* **WHAT YOU SHOULD DO**:
From the first line to the last, please reproduce the material exactly, skipping the pictures.

* **DATA FOR THE TASK**:
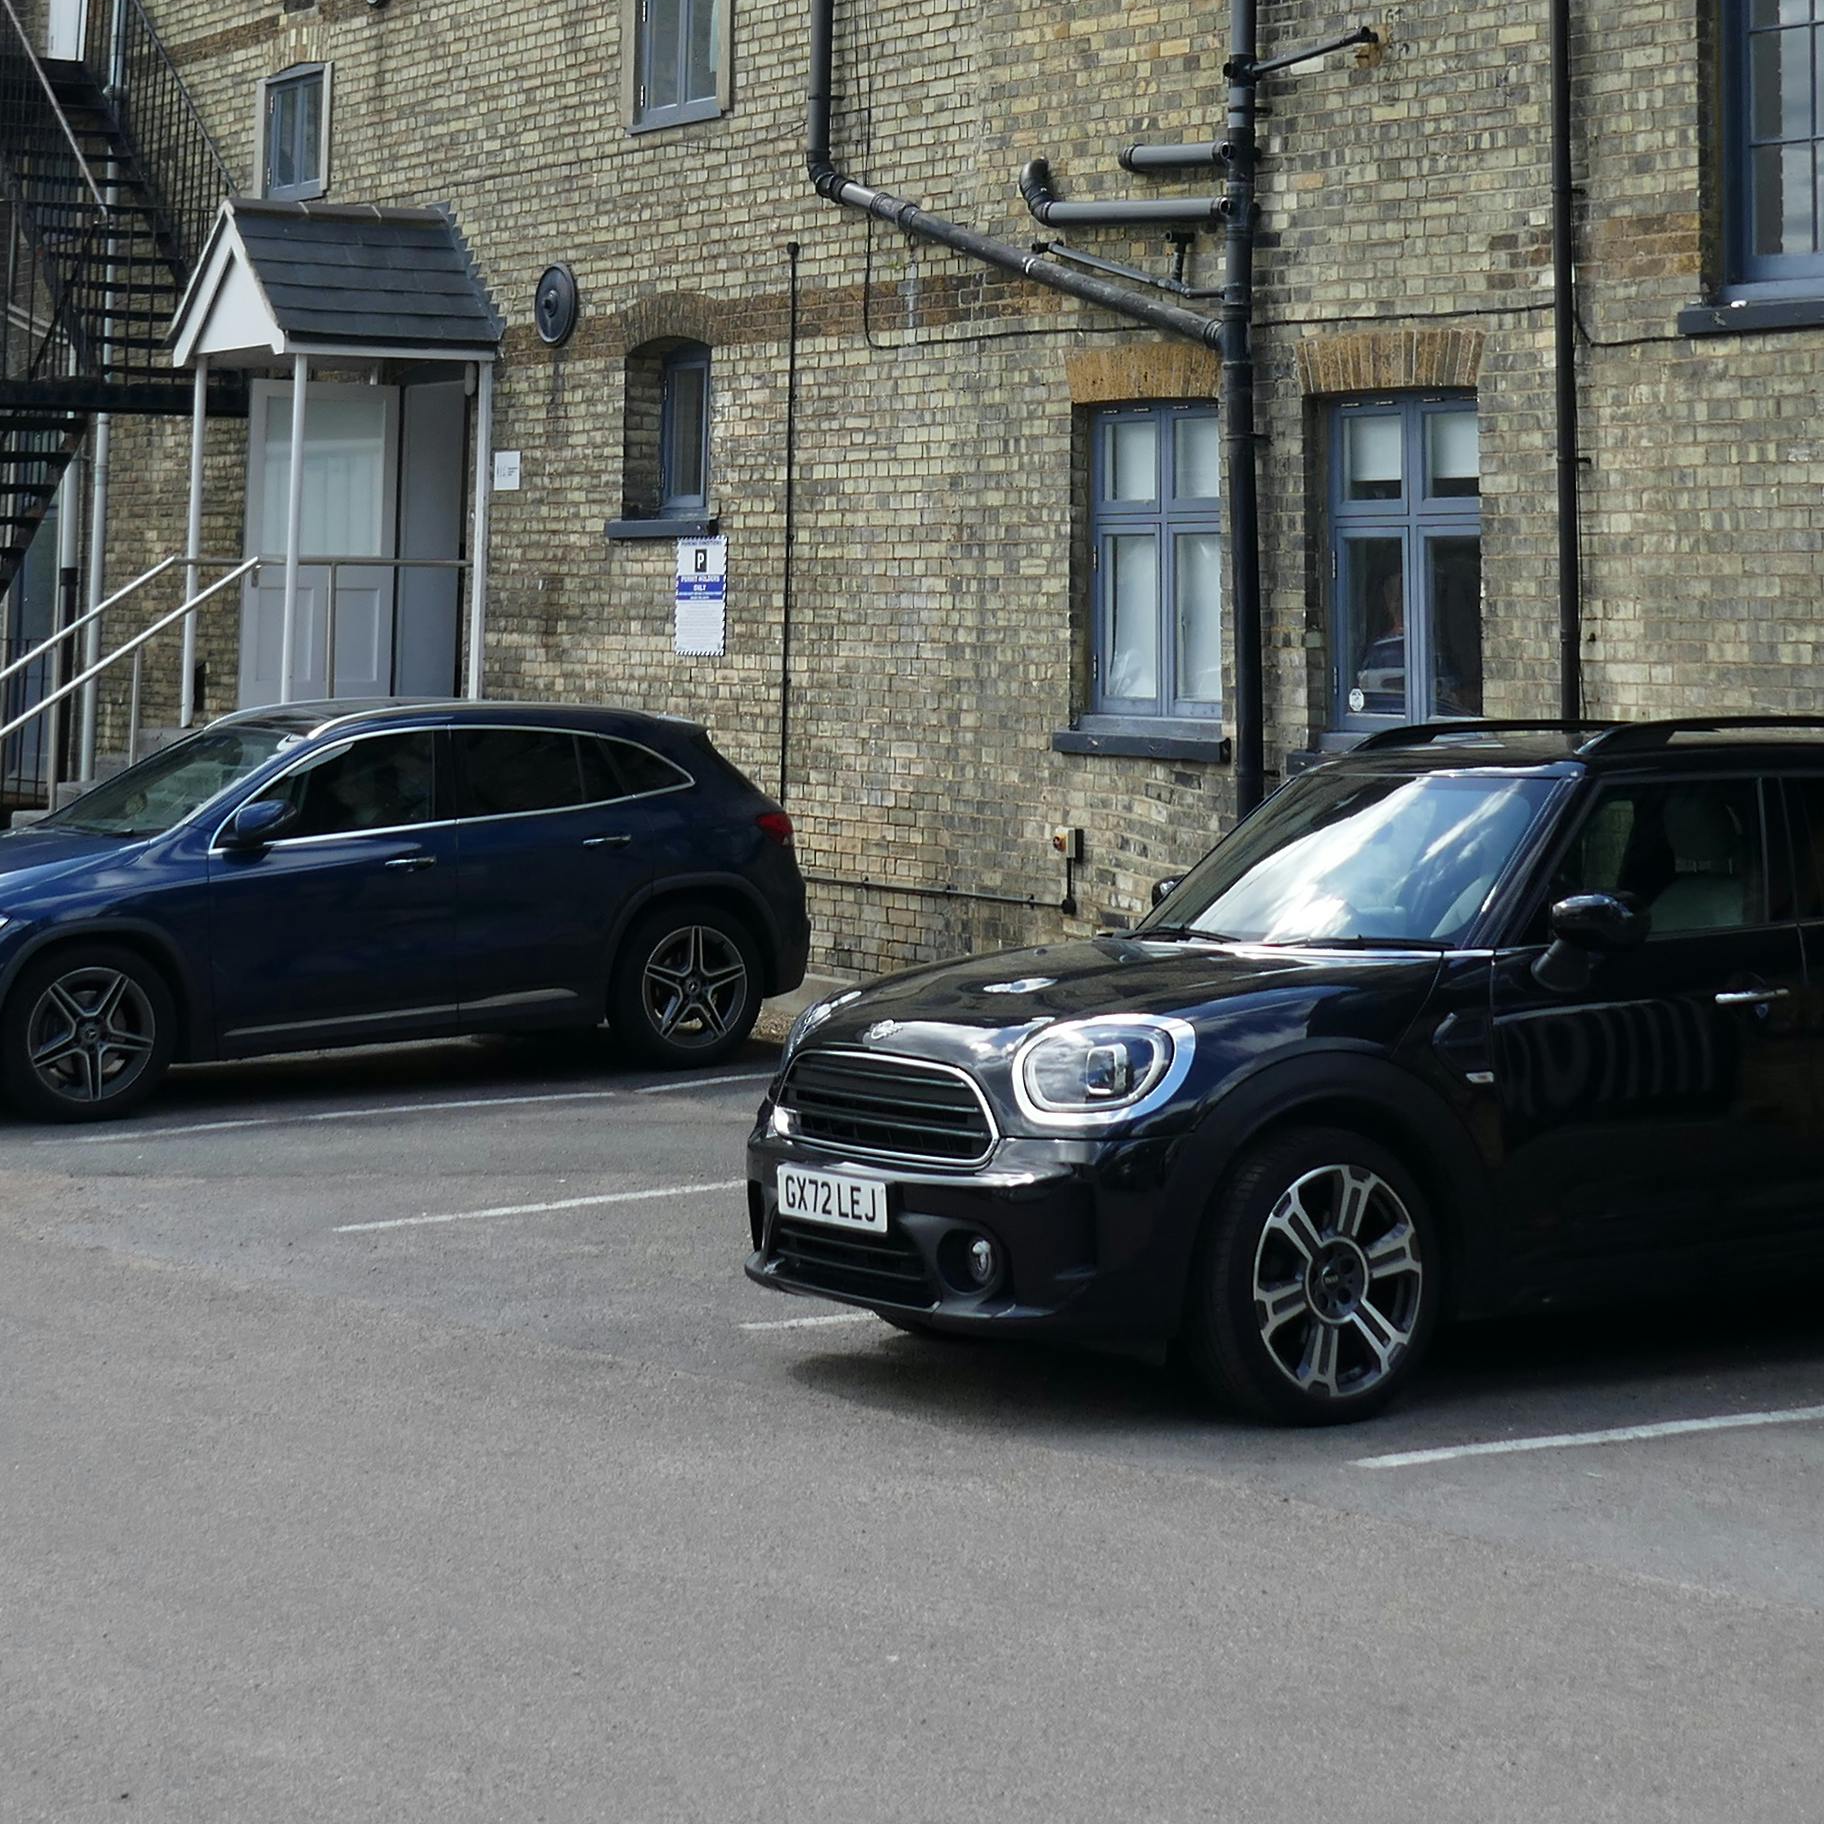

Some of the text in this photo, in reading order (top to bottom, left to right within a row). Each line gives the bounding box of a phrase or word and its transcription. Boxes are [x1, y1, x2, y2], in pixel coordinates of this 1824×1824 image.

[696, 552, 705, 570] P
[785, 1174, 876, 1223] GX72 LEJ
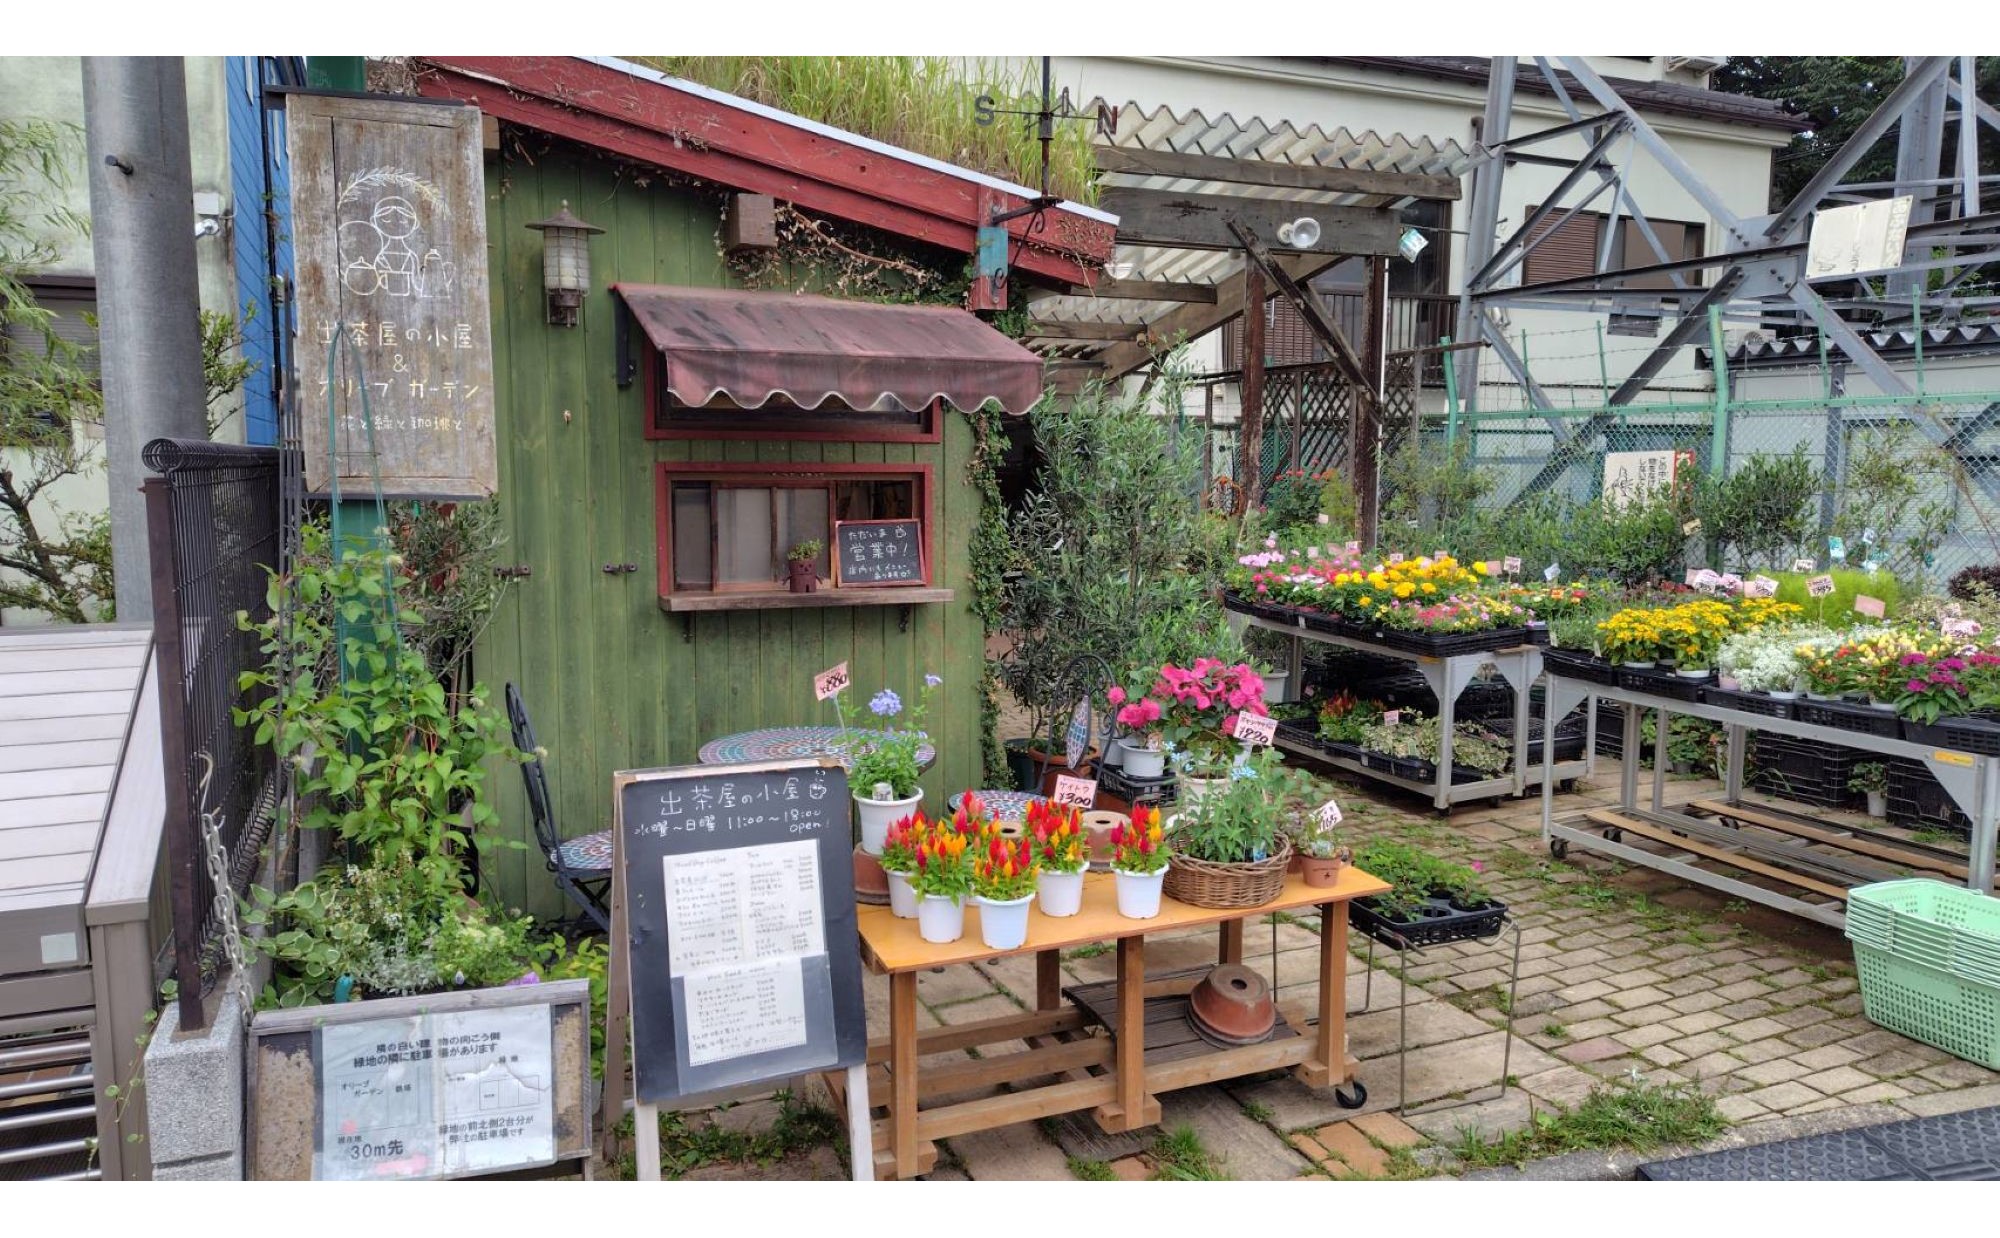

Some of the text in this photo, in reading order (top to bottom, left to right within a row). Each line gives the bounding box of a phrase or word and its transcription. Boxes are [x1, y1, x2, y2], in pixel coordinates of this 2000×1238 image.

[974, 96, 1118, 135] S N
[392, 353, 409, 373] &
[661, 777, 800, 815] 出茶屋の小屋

* **TASK RESULT**:
Some of the text in this photo, in reading order (top to bottom, left to right within a row). Each line gives the bounding box of a phrase or word and its transcription. Boxes are [x1, y1, x2, y2], in pixel coordinates of this 1824×1824 image.

[696, 552, 705, 570] P
[785, 1174, 876, 1223] GX72 LEJ

Some of the text in this photo, in reading order (top to bottom, left to right within a row). Each line gives the bounding box of a phrase or word and its transcription. Boxes are [x1, y1, x2, y2], in pixel coordinates of this 2000×1238 image.

[974, 96, 1118, 135] S N
[392, 353, 409, 373] &
[661, 777, 800, 815] 出茶屋の小屋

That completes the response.